Transcribe the entries exactly as they stand below, passing over any picture.

[Collected data]

┌────────

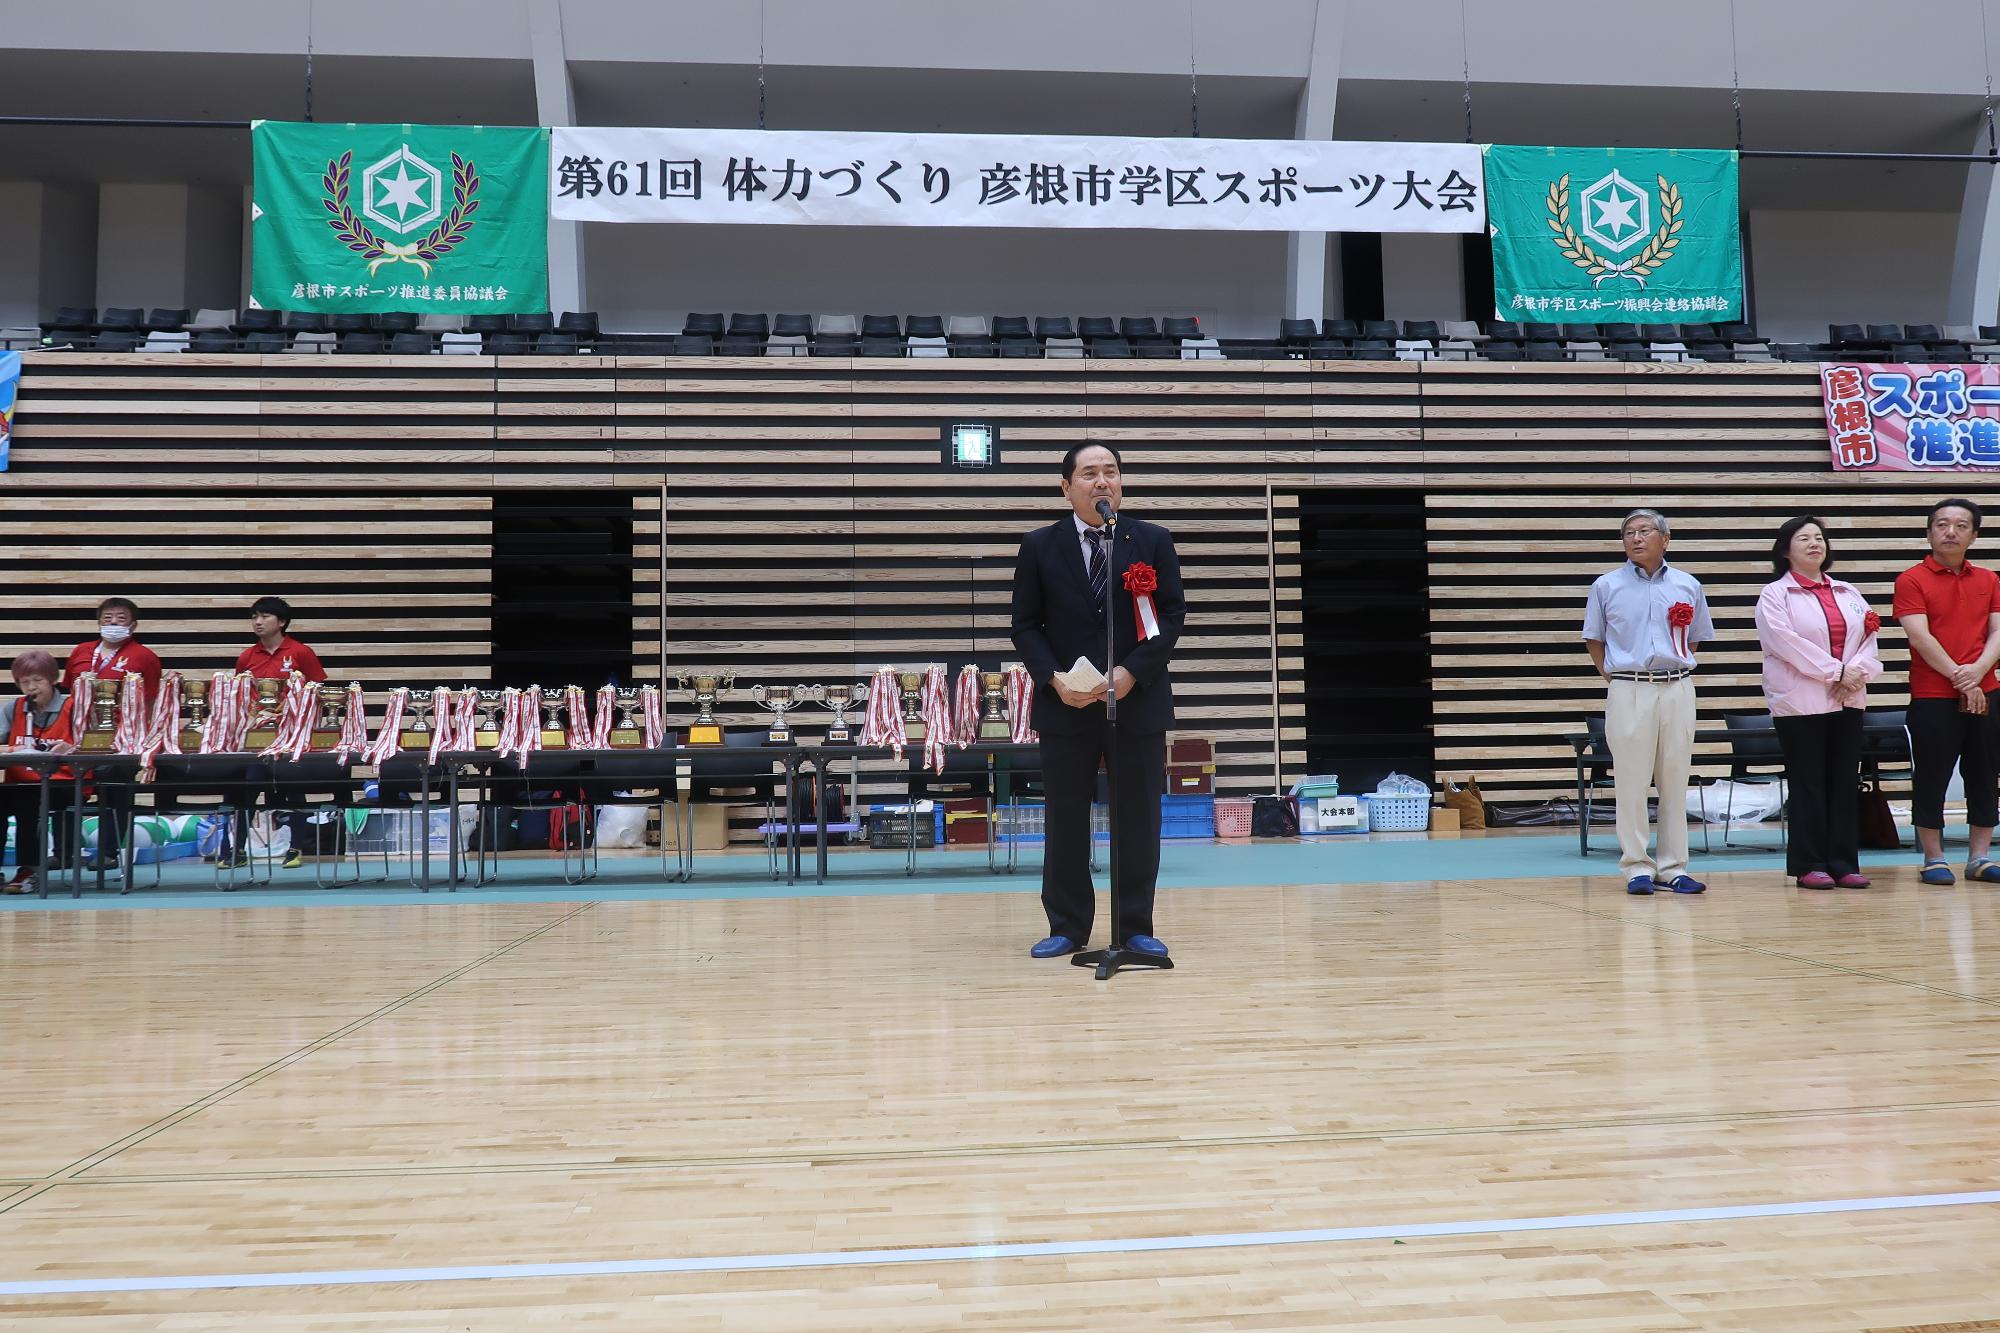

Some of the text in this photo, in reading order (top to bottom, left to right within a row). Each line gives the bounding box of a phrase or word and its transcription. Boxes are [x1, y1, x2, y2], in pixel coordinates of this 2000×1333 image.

[556, 156, 1478, 213] 第61回 体力づくり 彦根市学区スポーツ大会
[291, 282, 509, 301] 彦根市スポーツ推進委員協議会
[1511, 293, 1729, 312] 彦根市学区スポーツ振興会連絡協議会
[1826, 368, 1876, 465] 彦根市
[1909, 420, 2000, 464] 推進
[1321, 807, 1355, 816] 大会本部

└────────

Task result
Some of the text in this photo, in reading order (top to bottom, left to right within a row). Each line gives the bounding box of a phrase or word and its transcription. Boxes are [x1, y1, x2, y2], in pixel coordinates of this 2000×1333 image.

[556, 156, 1478, 213] 第61回 体力づくり 彦根市学区スポーツ大会
[291, 282, 509, 301] 彦根市スポーツ推進委員協議会
[1511, 293, 1729, 312] 彦根市学区スポーツ振興会連絡協議会
[1826, 368, 1876, 465] 彦根市
[1909, 420, 2000, 464] 推進
[1321, 807, 1355, 816] 大会本部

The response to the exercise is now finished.